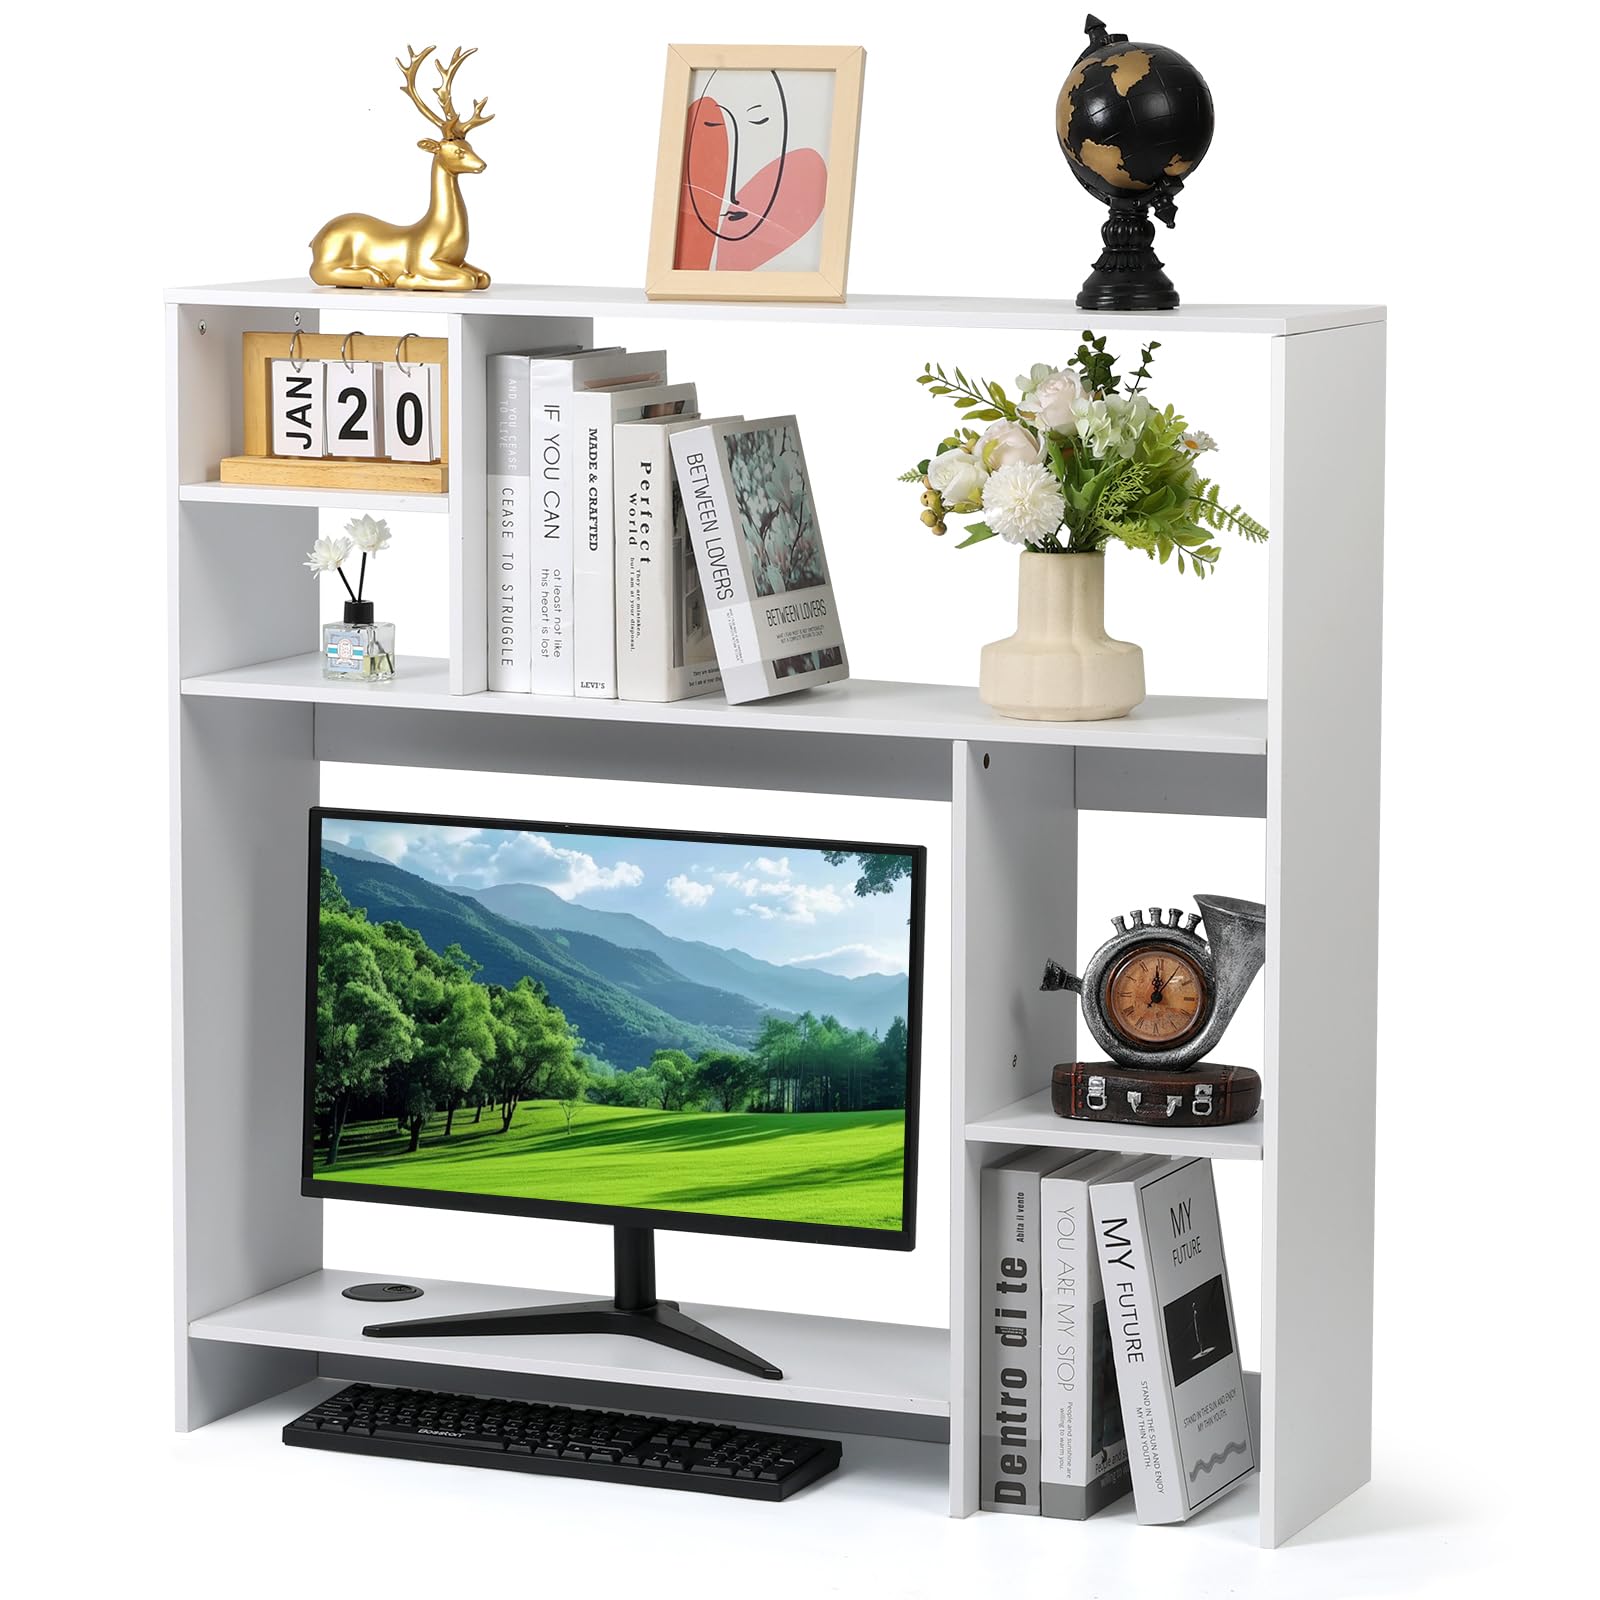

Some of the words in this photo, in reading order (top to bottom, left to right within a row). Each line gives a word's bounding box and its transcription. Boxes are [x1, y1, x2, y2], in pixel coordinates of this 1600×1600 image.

[508, 379, 517, 400] AND
[286, 377, 312, 450] JAN
[338, 387, 368, 440] 2
[396, 392, 423, 446] 0
[499, 401, 508, 413] TO
[508, 407, 517, 427] YOU
[544, 405, 560, 422] IF
[499, 421, 508, 448] LIVE
[588, 428, 598, 470] MADE
[508, 435, 517, 470] CEASE
[543, 434, 561, 480] YOU
[588, 473, 598, 483] &
[501, 488, 514, 539] CEASE
[543, 491, 561, 539] CAN
[588, 487, 598, 551] CRAFTED
[628, 493, 638, 545] World
[640, 462, 653, 563] Perfect
[686, 452, 719, 533] BETWEEN
[705, 537, 734, 601] LOVERS
[501, 553, 514, 571] TO
[553, 569, 562, 580] at
[541, 569, 550, 587] this
[541, 591, 550, 621] heart
[553, 586, 562, 612] least
[765, 605, 800, 627] BETWEEN
[801, 599, 827, 620] LOVERS
[501, 584, 514, 666] STRUGGLE
[553, 617, 562, 635] not
[541, 639, 550, 658] lost
[553, 639, 562, 658] like
[580, 681, 605, 689] LEVI'S
[1016, 1192, 1024, 1212] vento
[1057, 1207, 1075, 1250] YOU
[1170, 1197, 1192, 1238] MY
[1016, 1223, 1024, 1243] Abita
[1101, 1218, 1136, 1270] MY
[1172, 1236, 1202, 1267] FUTURE
[996, 1257, 1027, 1294] te
[1057, 1259, 1075, 1295] ARE
[994, 1308, 1027, 1347] di
[1057, 1304, 1075, 1337] MY
[1116, 1282, 1145, 1363] FUTURE
[1057, 1344, 1075, 1391] STOP
[1141, 1380, 1150, 1407] STAND
[1136, 1407, 1142, 1419] MY
[1144, 1408, 1152, 1417] IN
[1146, 1418, 1155, 1433] THE
[994, 1368, 1027, 1505] Dentro
[1149, 1435, 1157, 1451] SUN
[1152, 1453, 1160, 1469] AND
[1155, 1471, 1164, 1494] ENJOY

────────

* **What to produce**
Output the listing exactly, without images.

* **Worked solution**
Some of the words in this photo, in reading order (top to bottom, left to right within a row). Each line gives a word's bounding box and its transcription. Boxes are [x1, y1, x2, y2], in pixel coordinates of this 1600×1600 image.

[508, 379, 517, 400] AND
[286, 377, 312, 450] JAN
[338, 387, 368, 440] 2
[396, 392, 423, 446] 0
[499, 401, 508, 413] TO
[508, 407, 517, 427] YOU
[544, 405, 560, 422] IF
[499, 421, 508, 448] LIVE
[588, 428, 598, 470] MADE
[508, 435, 517, 470] CEASE
[543, 434, 561, 480] YOU
[588, 473, 598, 483] &
[501, 488, 514, 539] CEASE
[543, 491, 561, 539] CAN
[588, 487, 598, 551] CRAFTED
[628, 493, 638, 545] World
[640, 462, 653, 563] Perfect
[686, 452, 719, 533] BETWEEN
[705, 537, 734, 601] LOVERS
[501, 553, 514, 571] TO
[553, 569, 562, 580] at
[541, 569, 550, 587] this
[541, 591, 550, 621] heart
[553, 586, 562, 612] least
[765, 605, 800, 627] BETWEEN
[801, 599, 827, 620] LOVERS
[501, 584, 514, 666] STRUGGLE
[553, 617, 562, 635] not
[541, 639, 550, 658] lost
[553, 639, 562, 658] like
[580, 681, 605, 689] LEVI'S
[1016, 1192, 1024, 1212] vento
[1057, 1207, 1075, 1250] YOU
[1170, 1197, 1192, 1238] MY
[1016, 1223, 1024, 1243] Abita
[1101, 1218, 1136, 1270] MY
[1172, 1236, 1202, 1267] FUTURE
[996, 1257, 1027, 1294] te
[1057, 1259, 1075, 1295] ARE
[994, 1308, 1027, 1347] di
[1057, 1304, 1075, 1337] MY
[1116, 1282, 1145, 1363] FUTURE
[1057, 1344, 1075, 1391] STOP
[1141, 1380, 1150, 1407] STAND
[1136, 1407, 1142, 1419] MY
[1144, 1408, 1152, 1417] IN
[1146, 1418, 1155, 1433] THE
[994, 1368, 1027, 1505] Dentro
[1149, 1435, 1157, 1451] SUN
[1152, 1453, 1160, 1469] AND
[1155, 1471, 1164, 1494] ENJOY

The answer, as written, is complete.